The workshop and special issue welcomes papers with an empirical focus on healthcare in the large sense. The contributions will explore questions such as:
– What counts as ‘mundane’ in particular situations, sites, practices of healthcare?
– How does an attention to ‘the mundane’ allow us to transform ‘big stories’ about current transformations in healthcare?
– How does ‘the mundane’ allow us to attend to modes of living and dying well?
– How to stay attentive to asymmetrical configurations and the non-innocence of ‘the mundane’?
– How does the lens of the mundane transform and extend STS theorizing?
The workshop will take place from the 4th to the 6th June 2025 at the Department of Sociology, University of Zurich. Participants need to submit a paper draft beforehand, which will be discussed during the workshop. On the third day, we will engage in
alternative formats (walking, writing, etc.) to think through the mundane.
The special issue will be based on the workshop and submitted to a major STS journal (currently envisaged S&TS).
If this speaks to you and you are interested in submitting a contribution to the workshop and special issue or only to the special issue, please send an abstract of no more than 250 words before the 1st December 2024 to: theorising_through_the_mundane@etik.com
If you have further questions, do not hesitate to contact us.

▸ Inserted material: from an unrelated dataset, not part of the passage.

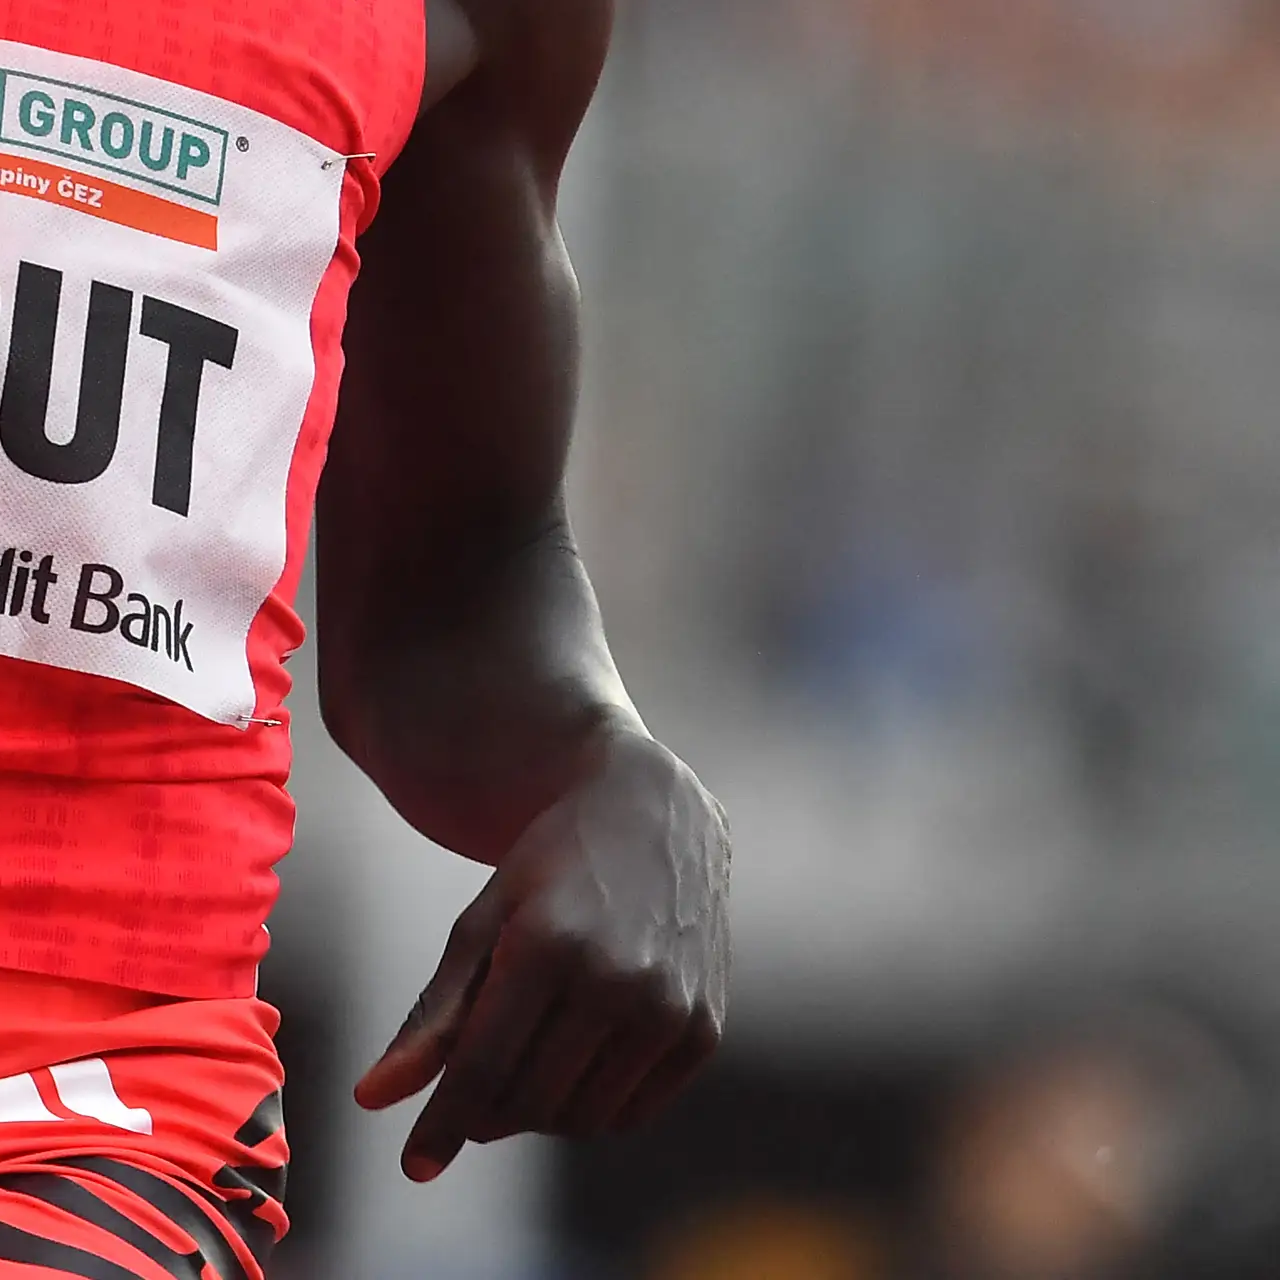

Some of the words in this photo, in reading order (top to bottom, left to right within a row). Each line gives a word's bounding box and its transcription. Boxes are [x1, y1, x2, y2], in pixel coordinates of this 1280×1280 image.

We are looking forward to receiving your contribution.
Timeline:
2024 December 1: Open call for contributions closes
2024 December 31: Decisions of editors on who will participate in workshop and/or SI & communication of decision to applicants
2025 Beginning May: Submission of paper draft for workshop
2025 June 4–6: Workshop in Zurich (day 1 & 2 for discussion of paper drafts, day 3 with alternative formats for thinking through the mundane)
2025 September 30: Submission paper to a major STS journal (currently envisaged: S&TS)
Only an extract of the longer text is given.